Quando dovette lavorare su Abbey Road, Kosh aveva sentito le storie di agitazione all’interno della band e aveva già progettato quello che pensava sarebbe stato il loro prossimo e ultimo album, allora chiamato Get Back. Poiché avrebbe seguito il White Album, Kosh ebbe l’idea di avere quattro ritratti separati del gruppo su uno sfondo nero per contrasto. “Stavano un po’ cadendo a pezzi, e quello doveva essere il loro canto del cigno”, dice. “Quindi un album ‘nero’ era la mia risposta al White Album. Doveva essere l’ultima cosa che avrebbero fatto. Mi sbagliavo!” (Quando l’album fu finalmente presentato l’anno seguente, aveva lo stesso look ma un nuovo titolo, Let It Be.)
Sicuramente, Kosh era alla Apple un giorno dell’estate del 1969 quando lui e il capo della pubblicità Derek Taylor furono invitati da Lennon ad ascoltare un acetato appena tagliato nello studio sotterraneo dell’edificio. “Era la fottuta Abbey Road”, dice Kosh. “Sono seduto lì e lo ascolto, e pochissime persone l’avevano già ascoltato. Quando arrivò a ‘I Want You (She’s So Heavy)’, quasi svenni. Era così bello.”
Con Abbey Road che sostituiva Get Back nel programma di pubblicazione, Kosh dovette ideare rapidamente una nuova copertina, come ricorda, nel giro di due giorni. “Avevamo una scadenza”, dice. “Dovevamo andare in stampa e l’album era in ritardo e bisognava farsene una ragione.”
Il designer si è ricordato degli scatti che il fotografo Iain Macmillan (morto nel 2006) aveva fatto fuori dagli studi di Abbey Road e sapeva che l’album avrebbe preso il nome di quella strada. In una decisione rapida e cruciale che sarebbe risuonata per decenni, Kosh decise di non usare il nome della band sulla copertina e lasciare che la foto parlasse da sola. “Abbiamo pensato, se non conoscete i Beatles, dove siete stati?” dice.

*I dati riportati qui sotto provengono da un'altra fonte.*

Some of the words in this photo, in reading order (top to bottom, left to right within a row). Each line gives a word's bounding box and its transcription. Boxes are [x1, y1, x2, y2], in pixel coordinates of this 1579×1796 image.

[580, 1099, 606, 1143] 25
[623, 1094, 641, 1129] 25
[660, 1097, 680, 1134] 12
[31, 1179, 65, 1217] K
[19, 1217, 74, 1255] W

Secondo Kosh, Lennon, Ringo Starr e George Harrison hanno tutti firmato l’idea, così come il capo della Apple Corps e confidente di lunga data dei Beatles Neil Aspinall. Kosh non ha memoria della reazione di McCartney all’assenza del loro nome, ma ha ricordi ancora sorprendenti di una chiamata nel cuore della notte da Sir Joseph Lockwood, che gestiva l’etichetta aziendale dei Beatles, la EMI. “Ho sentito una serie di invettive che è stata sbalorditiva”, dice Kosh. “Diceva che avrei distrutto i Beatles perché non avevo messo il loro nome sulla copertina e nessuno avrebbe comprato l’album. Tremavo dopo quella telefonata”. (Peter Brown, il socio e co-manager di lunga data dei Beatles, non ricorda che Lockwood fosse arrabbiato con la band, quindi i suoi commenti su Abbey Road potrebbero essere stati un’eccezione.)

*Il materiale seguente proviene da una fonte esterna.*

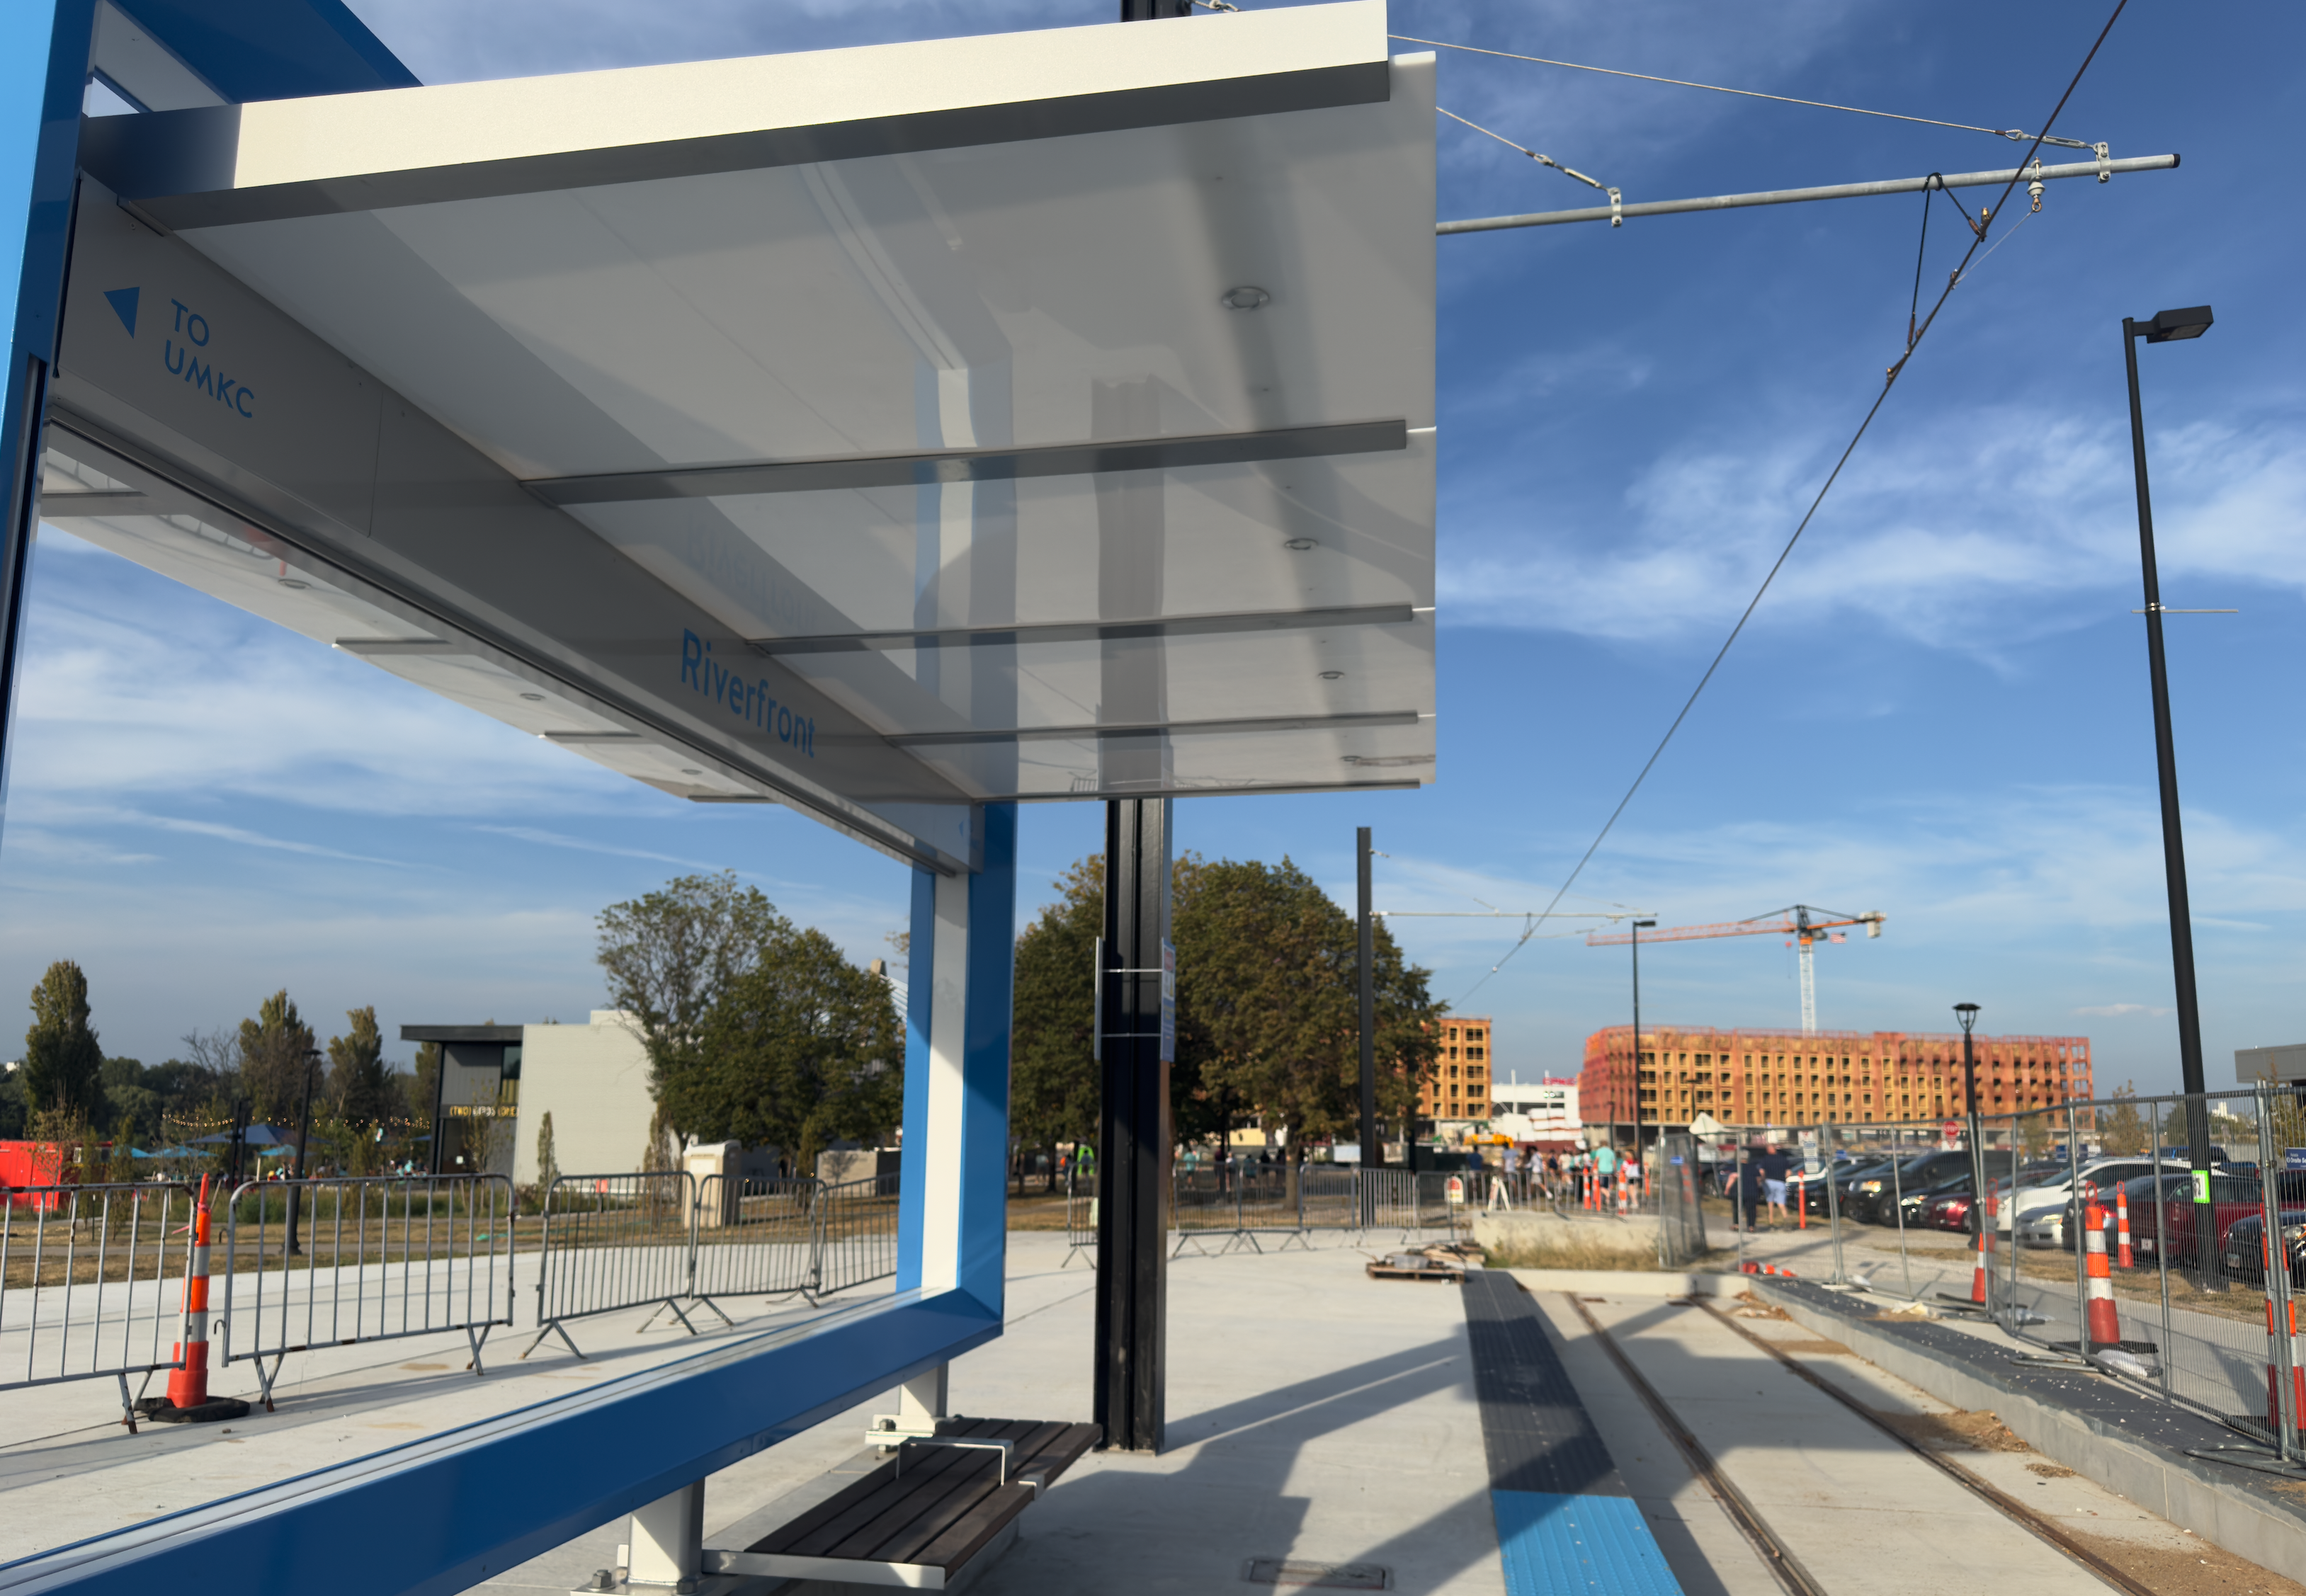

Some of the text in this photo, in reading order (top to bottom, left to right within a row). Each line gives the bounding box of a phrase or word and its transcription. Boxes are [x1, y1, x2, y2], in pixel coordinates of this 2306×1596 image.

Come ricorda Kosh, è andato al lavoro la mattina dopo e, per caso, anche Harrison era lì ad un’ora insolitamente presto. Quando Kosh gli raccontò della telefonata, Harrison la liquidò, dando a Kosh il via libera, e Abbey Road sarebbe uscito il mese successivo con la sua visione originale, senza il nome dell’artista o il titolo sulla facciata.
Kosh guarda indietro alle analisi e alle teorie di cospirazione che seguirono con divertimento, a cominciare dalle voci “Paul è morto” che scaturirono da presunti indizi nella foto. Ricorda di essere stato in ufficio quando un dirigente della Apple chiamò McCartney in Francia per assicurarsi che fosse effettivamente vivo; “Vaffanculo”, disse McCartney, riagganciando il telefono.

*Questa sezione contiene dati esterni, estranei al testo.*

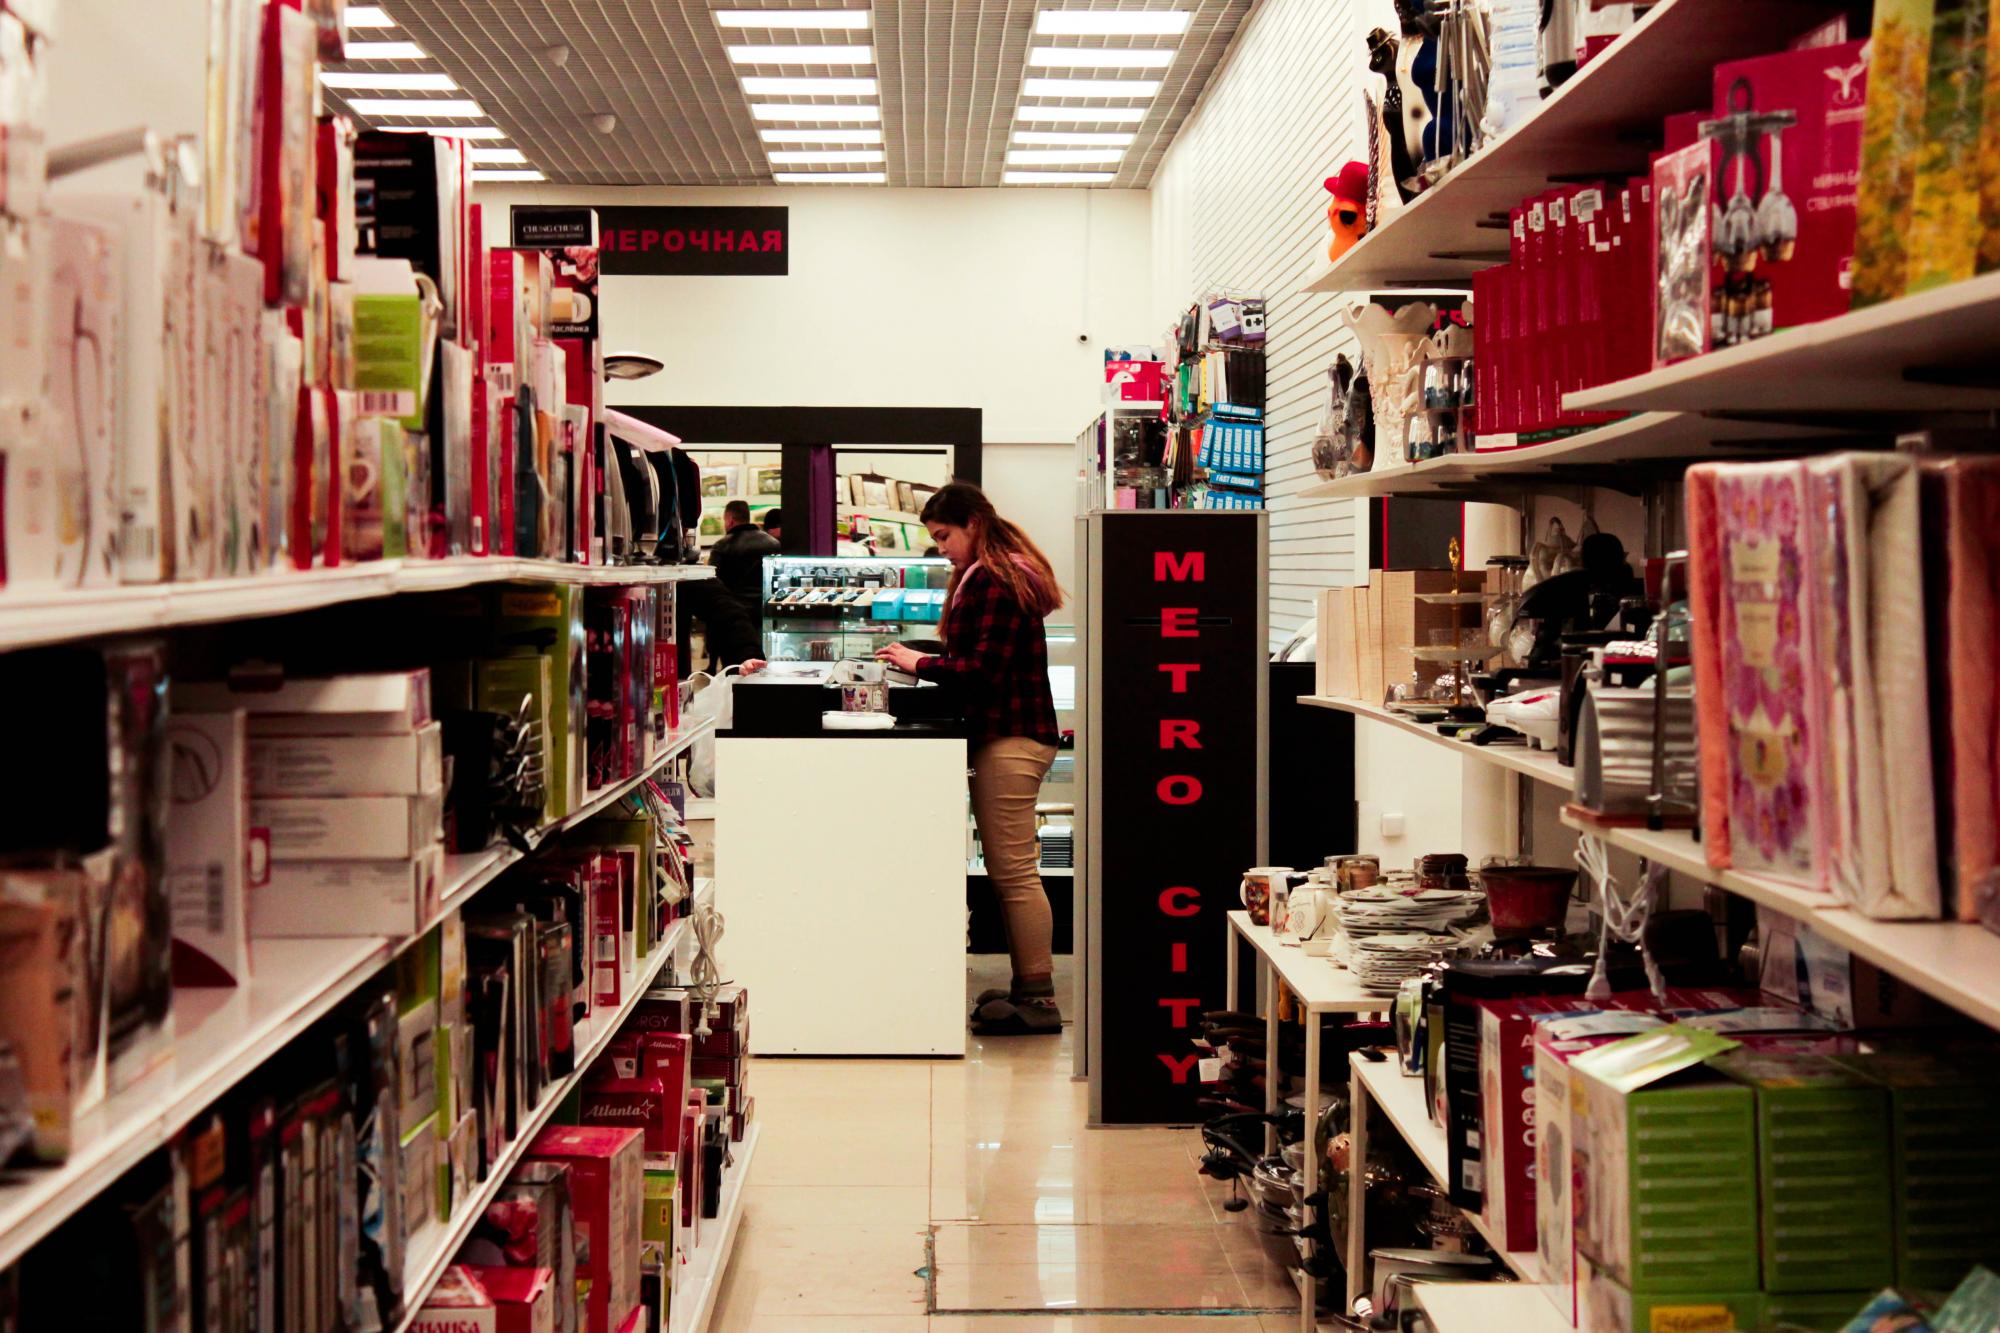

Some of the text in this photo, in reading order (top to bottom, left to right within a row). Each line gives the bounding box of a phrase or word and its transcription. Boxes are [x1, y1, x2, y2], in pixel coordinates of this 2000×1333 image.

[1153, 551, 1205, 1084] METRO CITY
[639, 1016, 669, 1027] RGY
[584, 1104, 641, 1118] Atlanta

Kosh, che si è stabilito a Los Angeles dal 1973, ha disegnato le copertine di Hotel California, Who’s Next e molte altre pietre miliari dell’epoca. Ma il suo lavoro su Abbey Road si distingue. Sicuramente la giacca più parodiata di tutti i tempi, è stata ricreata sulle uscite di Kanye West, i Red Hot Chili Peppers, George Benson, Booker T. and the MG’s, Sesame Street, il rapper Chubb Rock e McCartney stesso.
“Non stai disegnando un’icona quando lo fai”, dice. “Stai pagando l’affitto e ti stai divertendo. Ricordo di aver visto quello dei Chili Peppers in particolare e di aver pensato, ‘Mio Dio, quanto è bello? Era eccitante per me che la gente si facesse una risata prendendomi per il culo”.